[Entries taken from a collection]
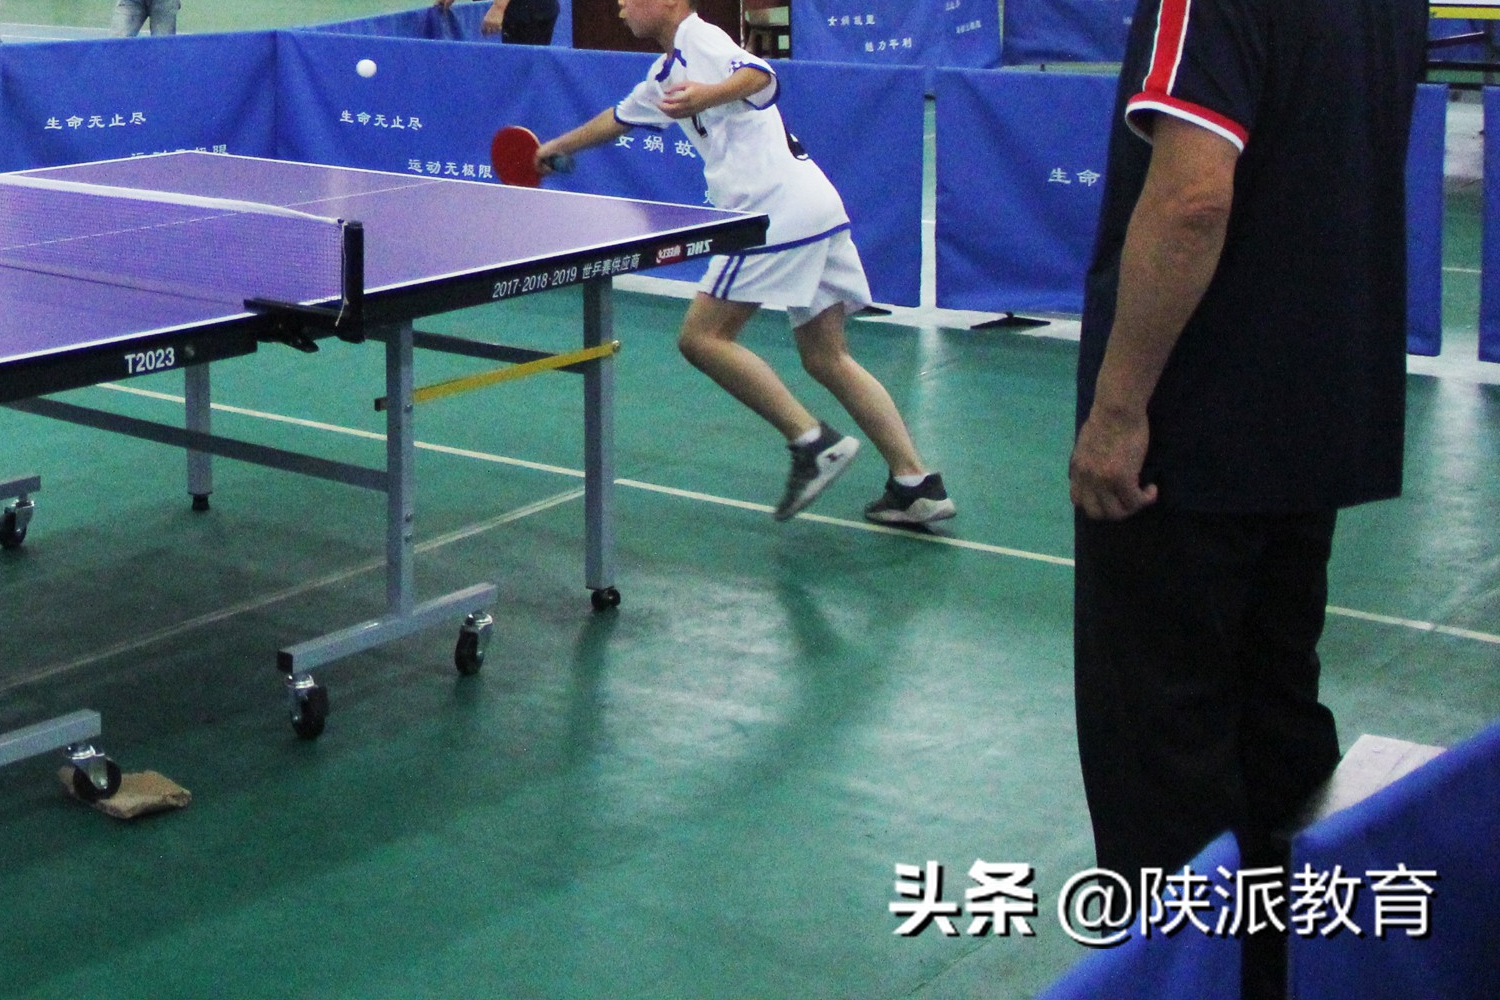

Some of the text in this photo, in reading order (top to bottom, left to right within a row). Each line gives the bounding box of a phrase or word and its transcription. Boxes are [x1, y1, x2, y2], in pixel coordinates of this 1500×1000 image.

[44, 112, 147, 130] 生命无止尽
[340, 109, 423, 131] 生命无止尽
[408, 159, 493, 179] 运动无极限
[1048, 167, 1101, 187] 生命
[686, 239, 713, 256] DHS
[582, 253, 642, 280] 世乒赛供应商
[124, 347, 175, 374] T2023
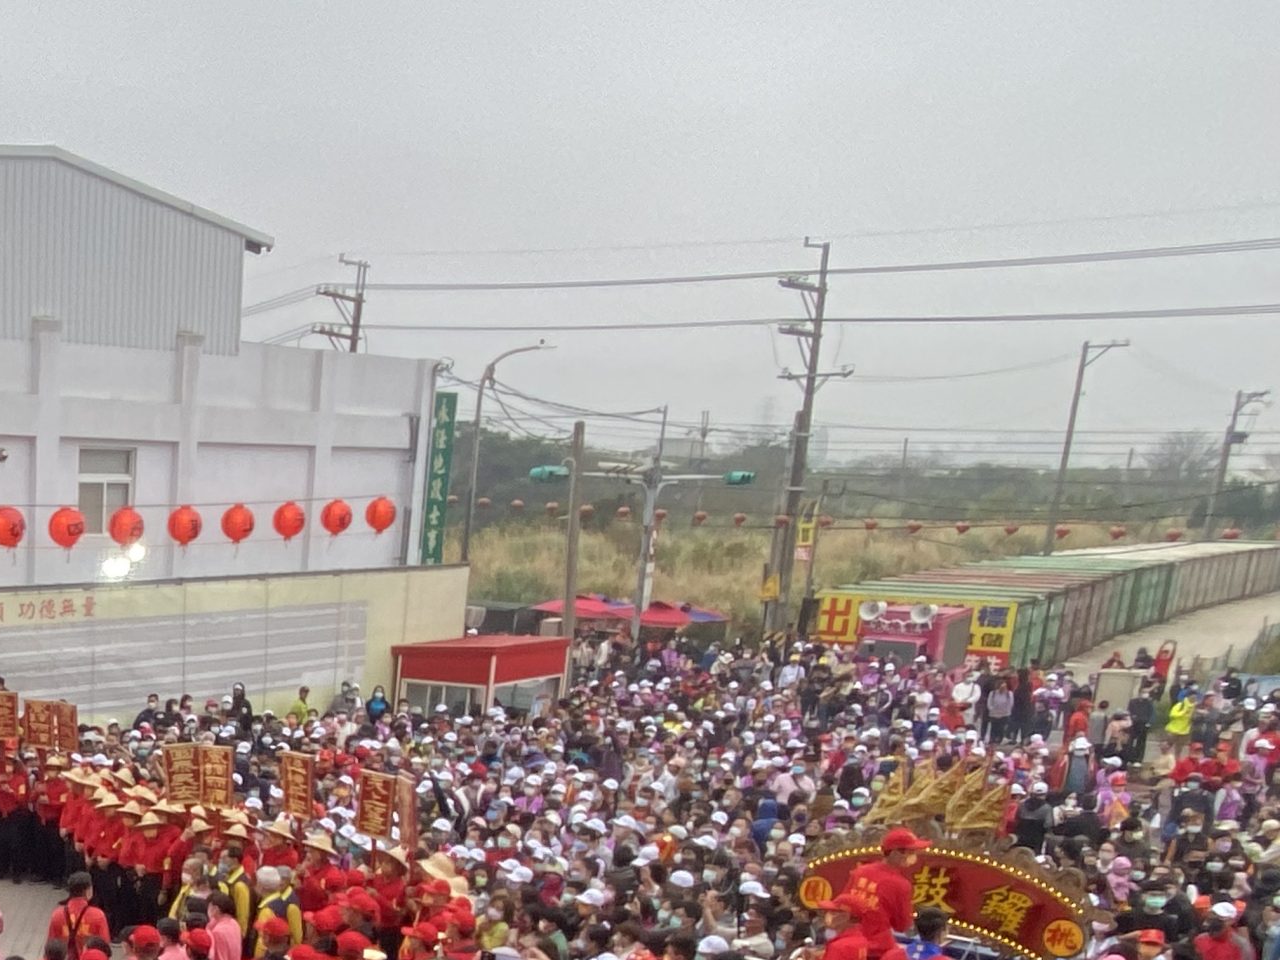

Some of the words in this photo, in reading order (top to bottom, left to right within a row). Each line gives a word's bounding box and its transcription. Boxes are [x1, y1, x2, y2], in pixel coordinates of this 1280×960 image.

### What to work on
Make a verbatim copy of all the entries and strip out the pictures.

### Completed task
Some of the text in this photo, in reading order (top to bottom, left to right within a row). Each line gives the bounding box of a phrase or word and its transcription. Boxes are [x1, y1, x2, y2], in pixel coordinates of this 1500×1000 image.

[44, 112, 147, 130] 生命无止尽
[340, 109, 423, 131] 生命无止尽
[408, 159, 493, 179] 运动无极限
[1048, 167, 1101, 187] 生命
[686, 239, 713, 256] DHS
[582, 253, 642, 280] 世乒赛供应商
[124, 347, 175, 374] T2023

Some of the words in this photo, in reading order (top to bottom, left to right within a row). Each line gives a word's bounding box and its transcription. Boxes are [x1, y1, x2, y2], in pixel coordinates of this 1280×960 image.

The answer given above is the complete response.